Creating a database content analysis - 6.1

Talend Real-time Big Data Platform Studio User Guide

Talend Real-Time Big Data Platform
Data Quality and Preparation
Design and Development
Talend Studio

From the Profiling perspective of the studio, you can create an analysis of the content of a given database.

Prerequisite(s): At least, one database connection is set in the Profiling perspective of the studio.

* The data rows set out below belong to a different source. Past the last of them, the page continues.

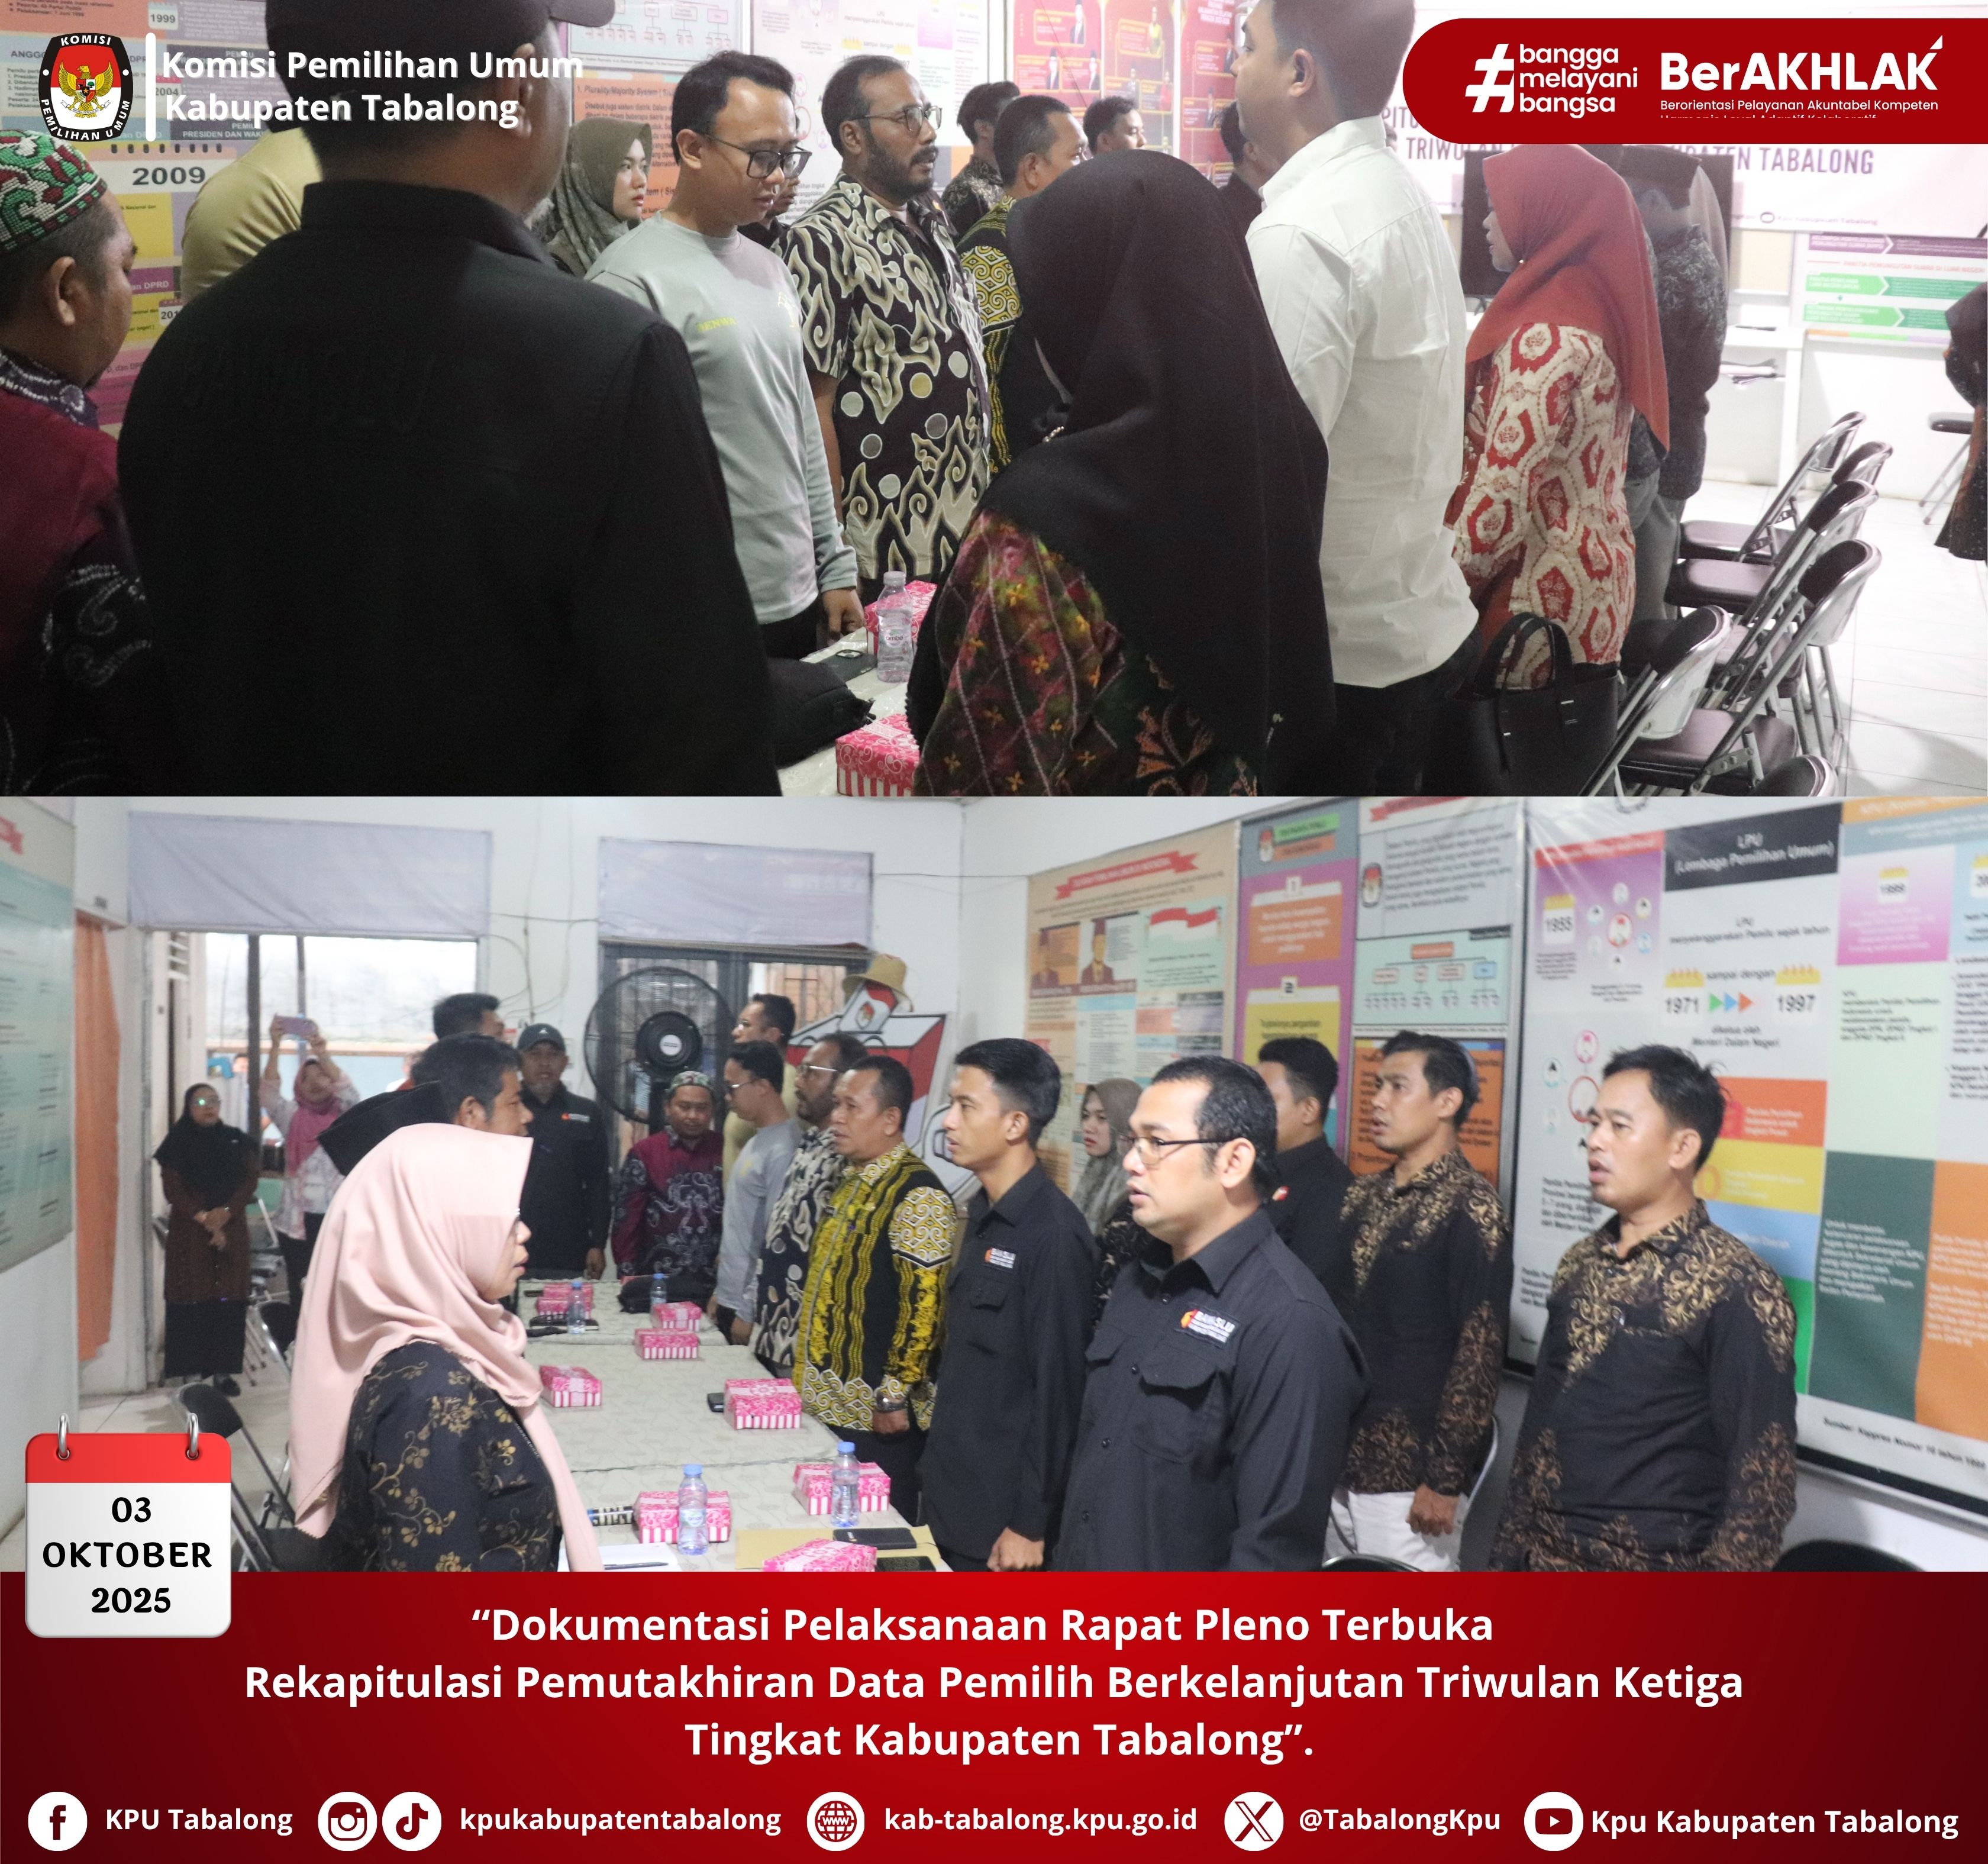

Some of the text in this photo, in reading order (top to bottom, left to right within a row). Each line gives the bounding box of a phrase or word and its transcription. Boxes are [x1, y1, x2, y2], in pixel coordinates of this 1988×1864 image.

[150, 14, 176, 23] 1999
[155, 88, 179, 96] 2004
[1759, 147, 1874, 174] TABALONG
[133, 166, 206, 185] 2009
[144, 280, 169, 289] DPRD
[160, 310, 179, 320] 201
[1664, 992, 1816, 1014] 1971 1997
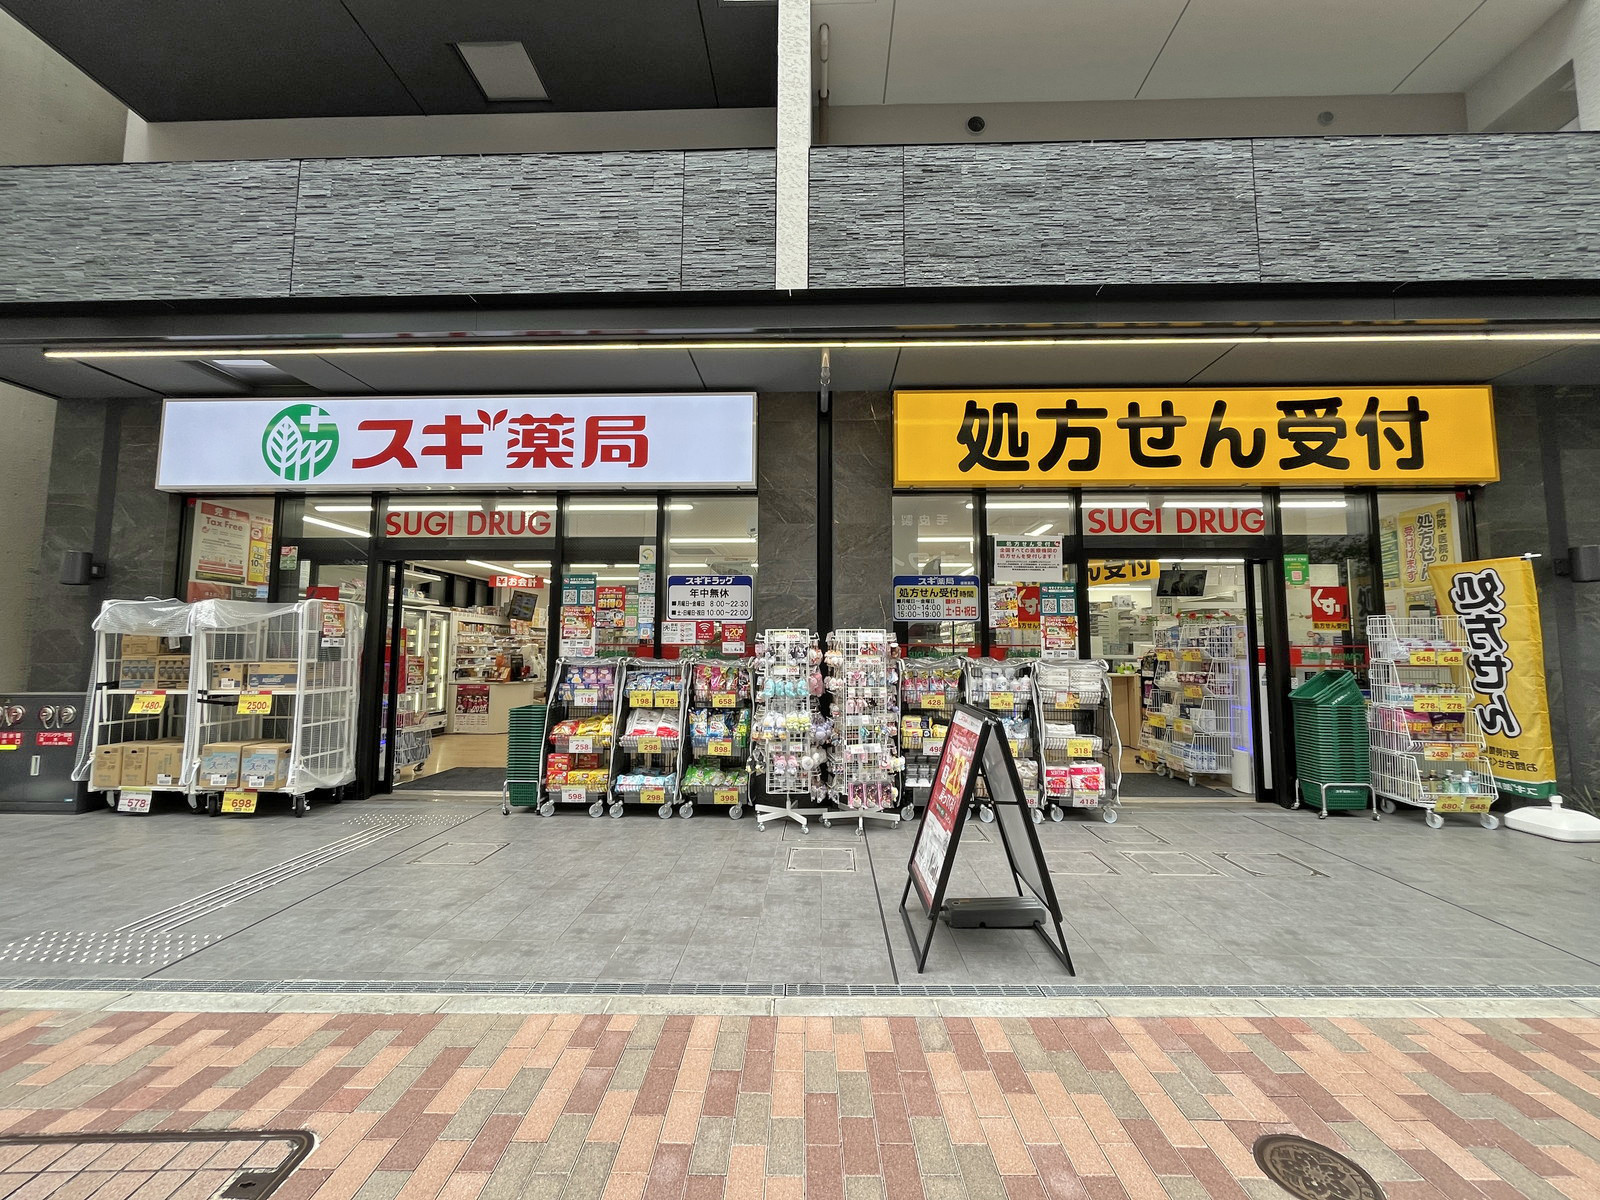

For further information, see Connecting to a database.

To create a database content analysis, you must first define the relevant analysis and then select the database connection you want to analyze.

Defining the analysis

  1. In the DQ Repository tree view, expand Data Profiling.

  2. Right-click the Analyses folder and select New Analysis.

    The [Create New Analysis] wizard opens.

  3. In the filter field, start typing connection overview analysis, select Connection Overview Analysis from the list and click Next.

  4. In the Name field, enter a name for the current analysis.


    Avoid using special characters in the item names including:

    "~", "!", "`", "#", "^", "&", "*", "\\", "/", "?", ":", ";", "\"", ".", "(", ")", "'", "¥", "'", """, "«", "»", "<", ">".

    These characters are all replaced with "_" in the file system and you may end up creating duplicate items.

  5. Set the analysis metadata (purpose, description and author name) in the corresponding fields and click Next.

Selecting the database connection you want to analyze

  1. Expand DB Connections and select a database connection to analyze, if more than one exists.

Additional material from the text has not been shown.